TASK:
Reproduce exactly, and nothing but, the lines between the one with "this 1500×1333 image." and the end of the entries, both ends included.

Records contained in a dataset:
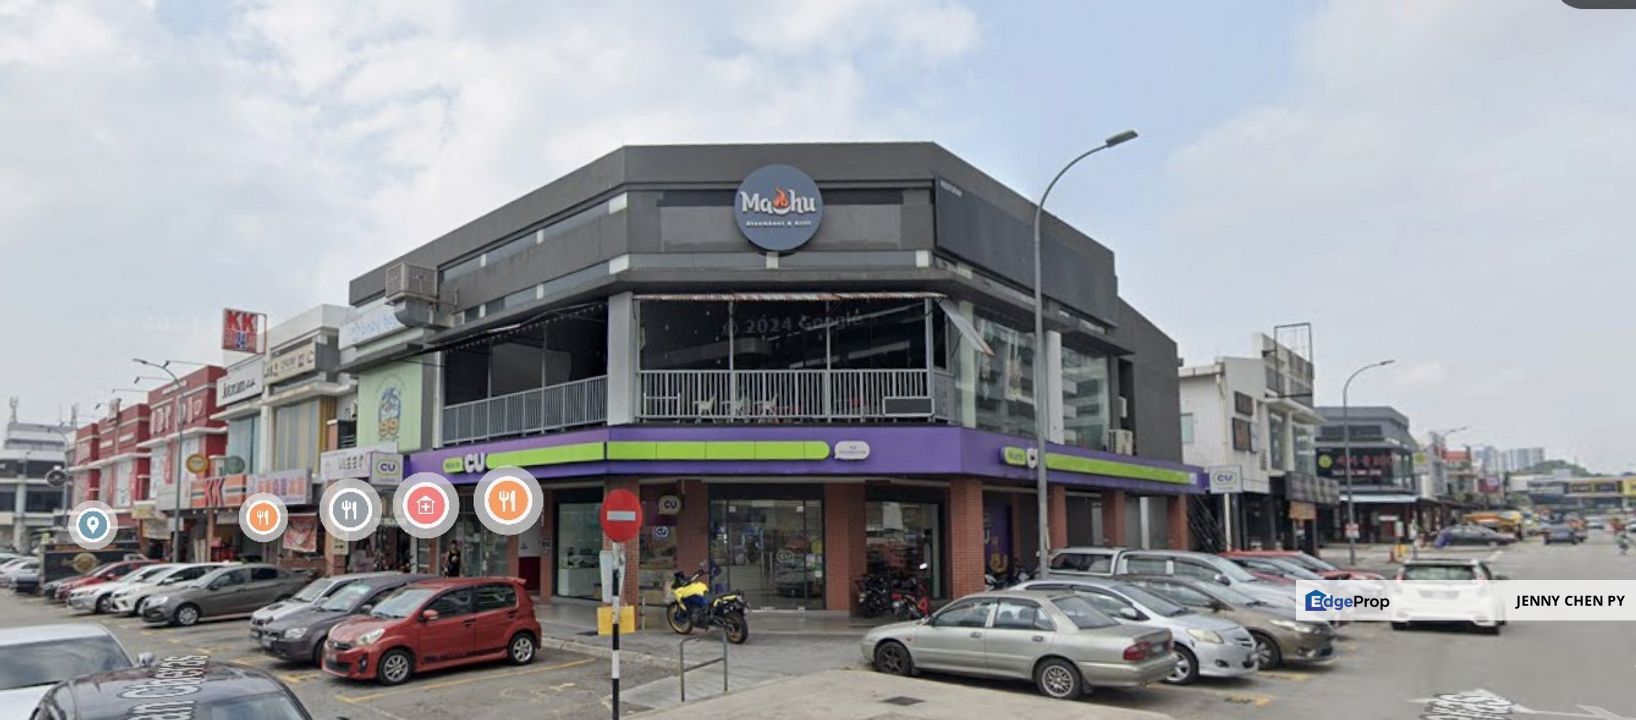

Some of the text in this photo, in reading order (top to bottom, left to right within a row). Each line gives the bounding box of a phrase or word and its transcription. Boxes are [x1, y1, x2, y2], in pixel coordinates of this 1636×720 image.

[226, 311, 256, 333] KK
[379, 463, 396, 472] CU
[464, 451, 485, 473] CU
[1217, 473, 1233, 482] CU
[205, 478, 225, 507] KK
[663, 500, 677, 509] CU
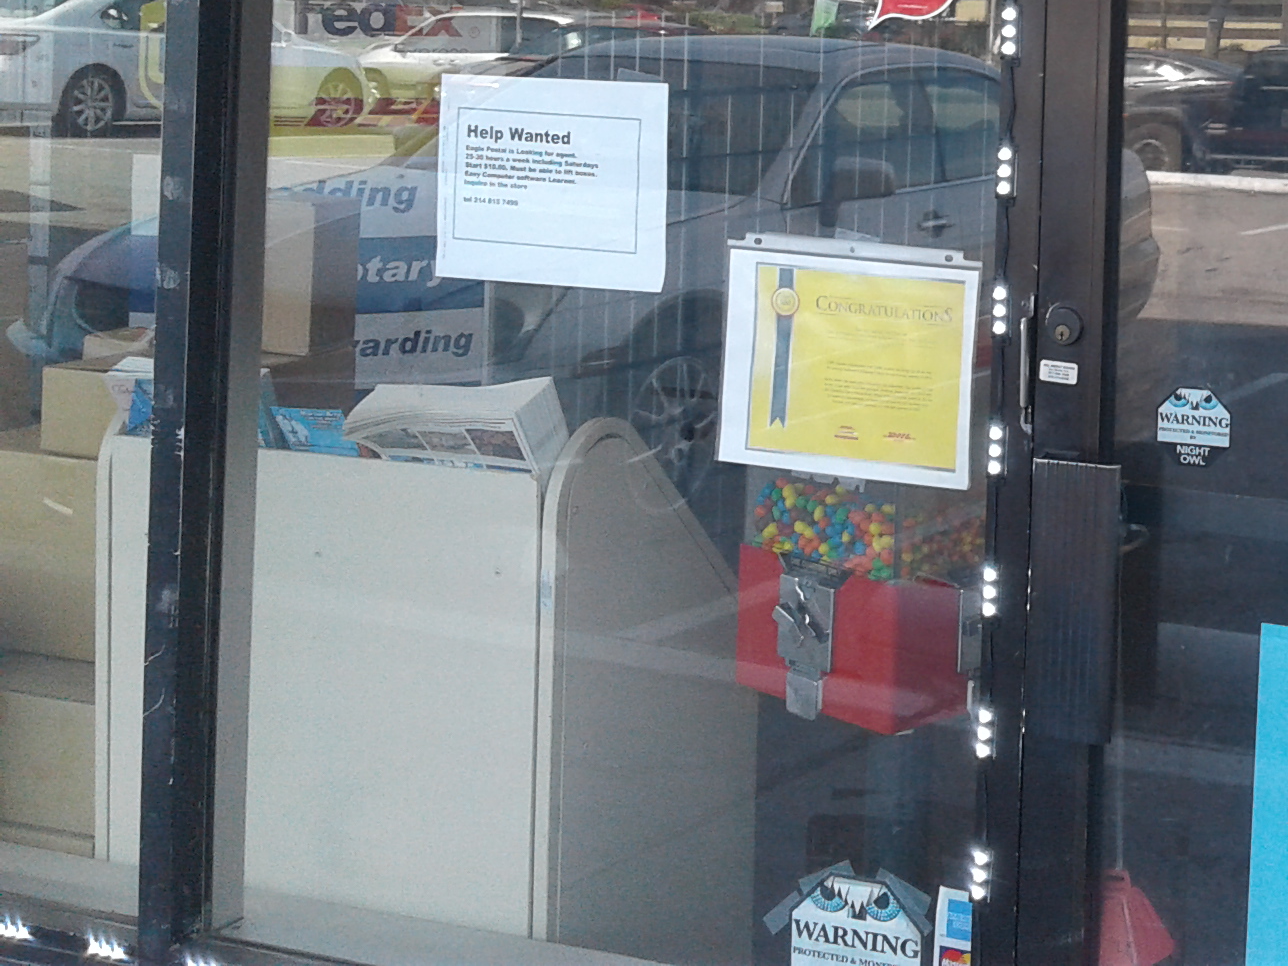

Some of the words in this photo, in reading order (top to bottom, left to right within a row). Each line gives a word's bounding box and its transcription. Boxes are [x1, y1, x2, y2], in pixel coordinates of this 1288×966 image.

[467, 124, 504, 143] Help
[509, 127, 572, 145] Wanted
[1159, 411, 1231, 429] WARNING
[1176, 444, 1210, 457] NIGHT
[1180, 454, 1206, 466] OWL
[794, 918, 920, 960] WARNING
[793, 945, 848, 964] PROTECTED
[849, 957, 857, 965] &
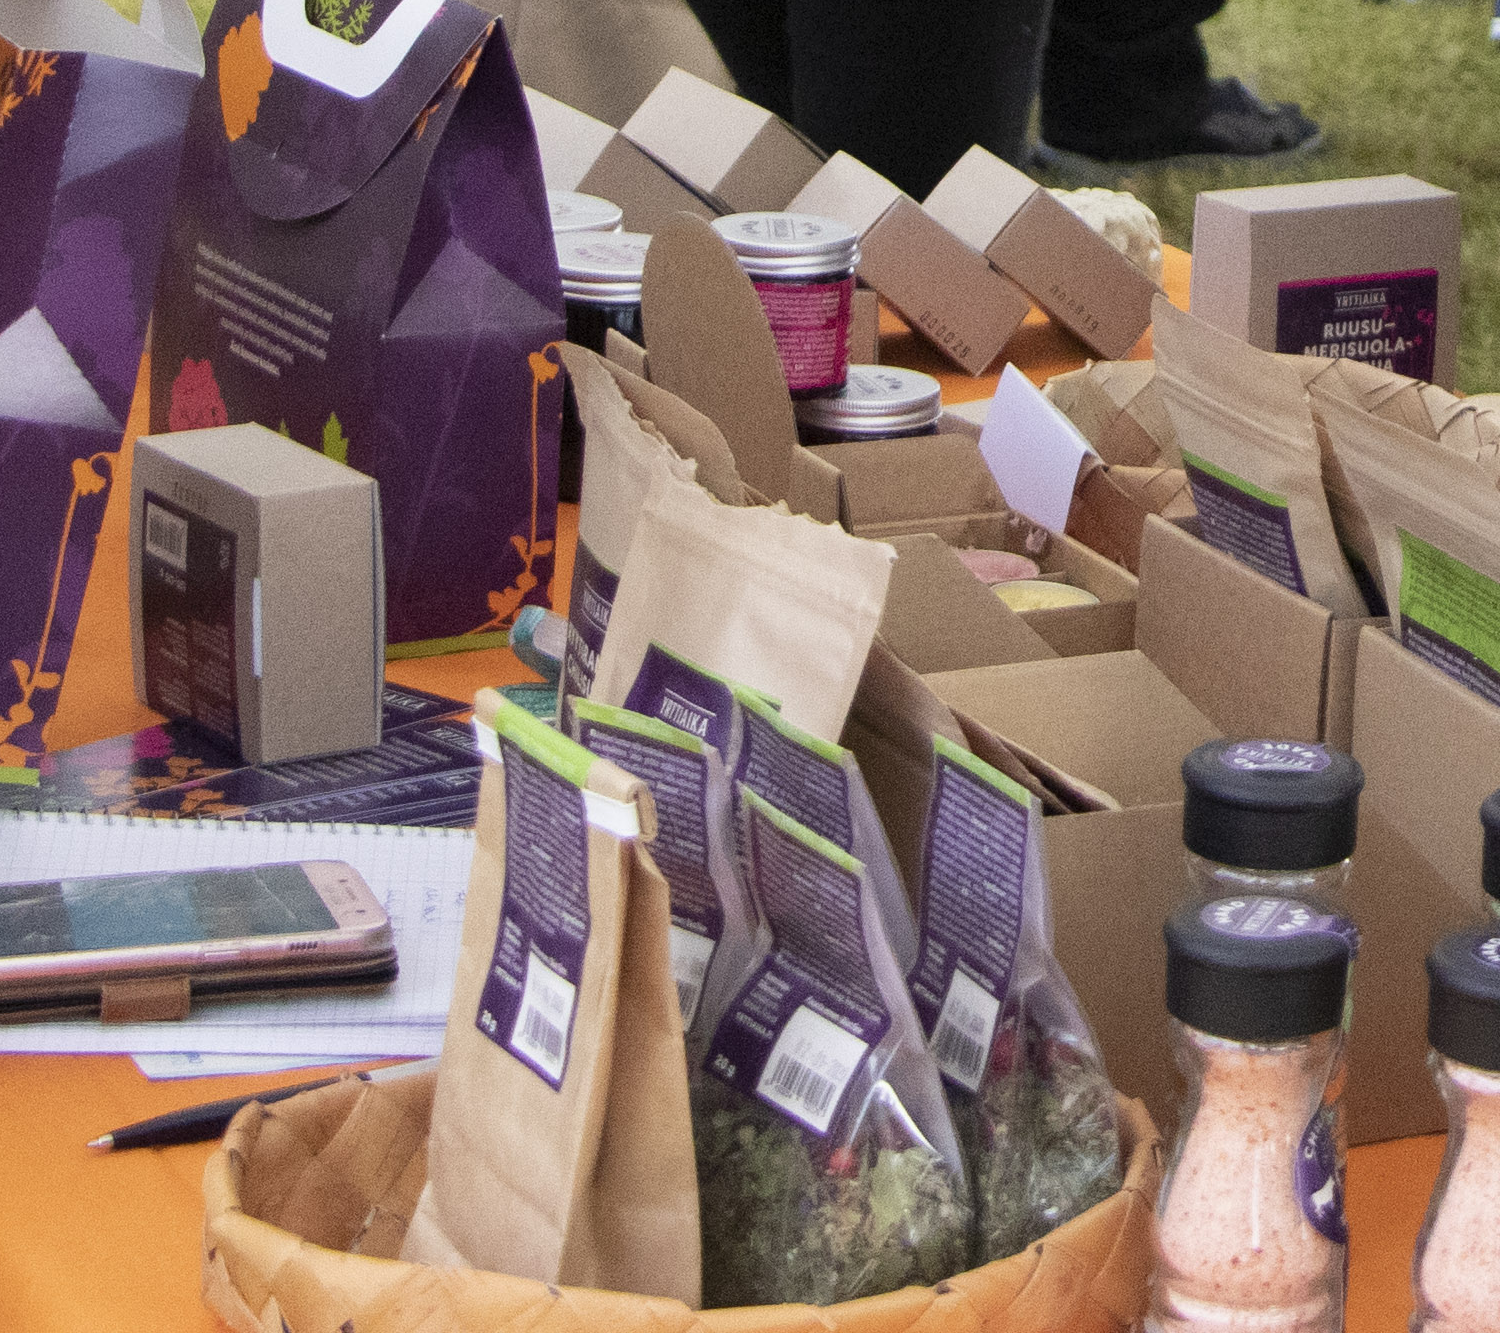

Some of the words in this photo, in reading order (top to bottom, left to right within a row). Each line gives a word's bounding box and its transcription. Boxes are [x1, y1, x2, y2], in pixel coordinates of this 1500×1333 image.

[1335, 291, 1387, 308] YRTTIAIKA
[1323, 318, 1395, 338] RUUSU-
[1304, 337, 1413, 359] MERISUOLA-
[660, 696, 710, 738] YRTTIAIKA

OUTPUT:
Some of the words in this photo, in reading order (top to bottom, left to right within a row). Each line gives a word's bounding box and its transcription. Boxes are [x1, y1, x2, y2], in pixel coordinates of this 1500×1333 image.

[1335, 291, 1387, 308] YRTTIAIKA
[1323, 318, 1395, 338] RUUSU-
[1304, 337, 1413, 359] MERISUOLA-
[660, 696, 710, 738] YRTTIAIKA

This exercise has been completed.